Experimental and human data indicate that infiltration of immune cells into the kidney is important in the development of hypertension and kidney disease. Preliminary data in this proposal indicate that infiltrating T cells in the kidney are activated, that they can serve as a source of elevated cytokines and AngII, and that adoptive transfer of the activated, infiltrating cells harvested from the kidney of diseased Dahl SS rats ca mediate disease in donor animals. Moreover, preliminary data from unique animal models developed for this application in which recombination activating gene 1 (Rag1) or CD247, two important genes in immune cell signaling have been genetically mutated in the Dahl SS genetic background, supports the concept that infiltrating T cells in the kidney can mediate hypertension and renal disease.

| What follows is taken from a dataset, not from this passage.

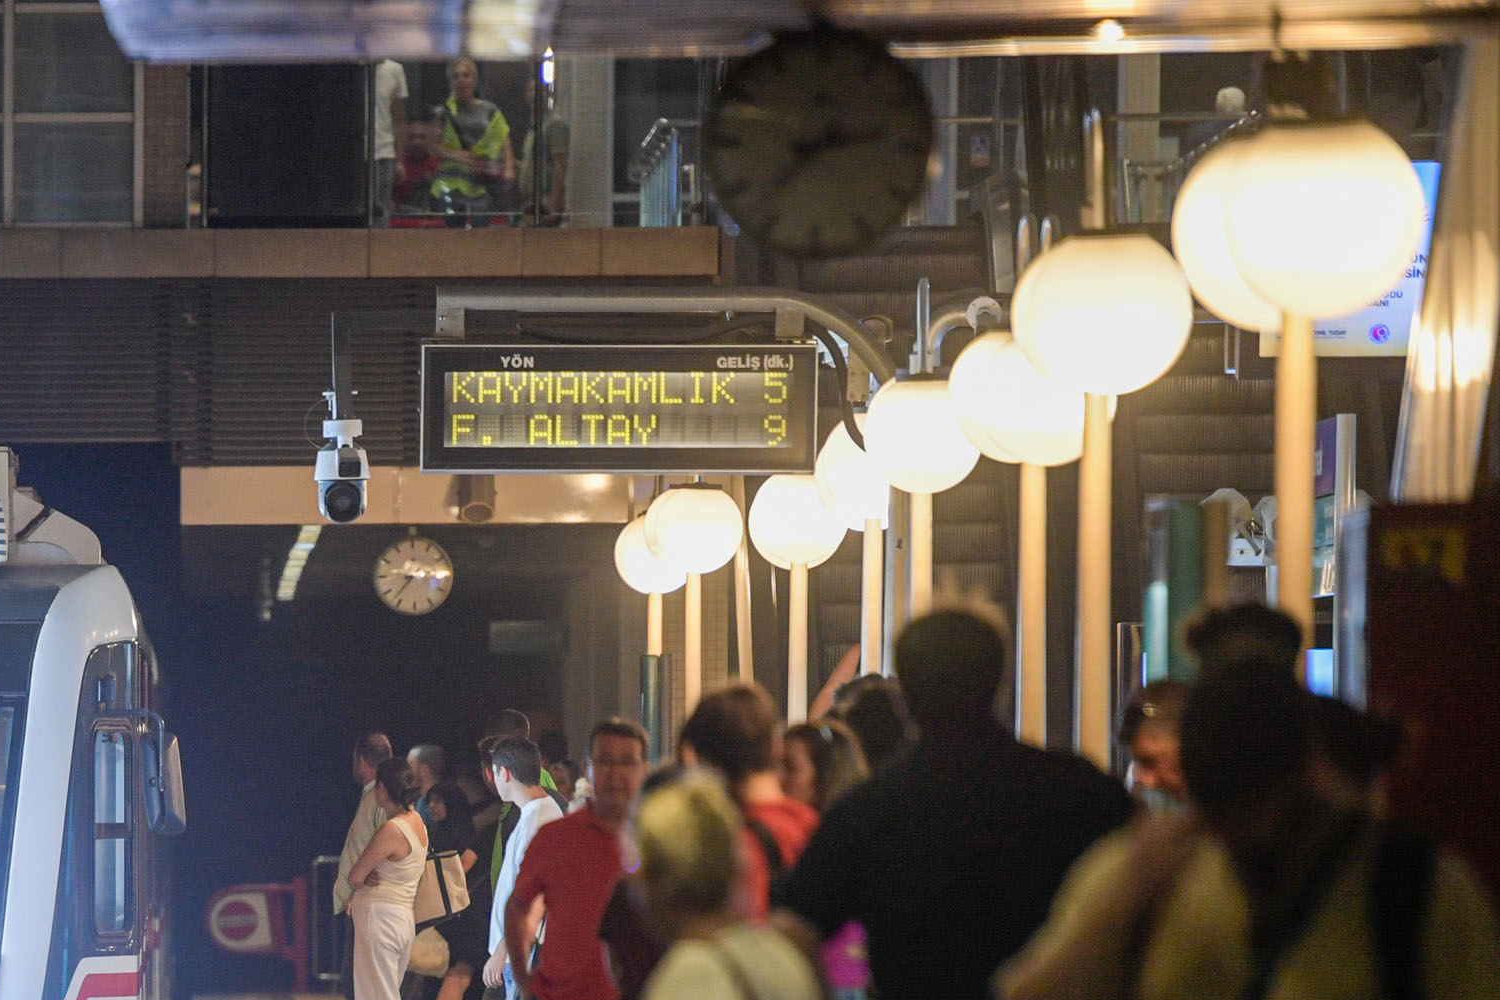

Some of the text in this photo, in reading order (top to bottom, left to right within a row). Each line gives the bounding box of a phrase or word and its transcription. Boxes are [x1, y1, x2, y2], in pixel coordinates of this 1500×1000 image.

[500, 354, 794, 371] YÖN GELİŞ (dk.)
[452, 371, 788, 404] KAYMAKAMLIK 5
[451, 414, 788, 446] F. ALTAY 9

Of particular note, genetic association studies indicate that CD247 is important in hypertension and kidney disease in humans. This unique translational aspect of the proposal emphasizes the important link between the experimental observations made in animals in this proposal and human disease. These novel data demonstrate the importance of infiltrating immune cells in the kidney in the development of salt-sensitive hypertension and renal damage. It is not known, however, what immune cell type(s) is/are important in the response or what factors mediate the hypertension and renal damage. We propose that the infiltrating cells, specifically T lymphocytes, exert deleterious actions by releasing vasoactive factors (cytokines and/or AngII) in the kidney to exaggerate the ongoing disease process. Experiments in this proposal will test the general hypothesis that CD247, a gene associated with human hypertension, affects hypertension and renal disease by altering T lymphocyte infiltration and activation in the kidney. As a corollary to this hypothesis, we propose that the infiltrating immune cells act by increasing intrarenal cytokines and AngII which affect kidney function. This hypothesis will be tested in three mechanistically-based, Specific Aims.
Aim 1 will test the hypothesis that CD247 mediates infiltration of T cells into the kidney in Dahl SS rats.
Aim 2 will test the hypothesis that infiltrating T cells produce proinflammatory cytokines (i.e. IL-6) and AngII in the kidney during salt-sensitive hypertension and kidney damage in Dahl SS rats.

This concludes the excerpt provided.